*Prompt*.
All entries should be output exactly as they stand.

*Collection entries*.
===============

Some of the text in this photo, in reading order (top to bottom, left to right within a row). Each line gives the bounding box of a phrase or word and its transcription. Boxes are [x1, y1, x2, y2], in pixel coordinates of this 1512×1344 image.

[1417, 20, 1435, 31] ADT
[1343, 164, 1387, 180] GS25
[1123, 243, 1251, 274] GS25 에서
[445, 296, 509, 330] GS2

===============

*Written answer*.
Some of the text in this photo, in reading order (top to bottom, left to right within a row). Each line gives the bounding box of a phrase or word and its transcription. Boxes are [x1, y1, x2, y2], in pixel coordinates of this 1512×1344 image.

[1417, 20, 1435, 31] ADT
[1343, 164, 1387, 180] GS25
[1123, 243, 1251, 274] GS25 에서
[445, 296, 509, 330] GS2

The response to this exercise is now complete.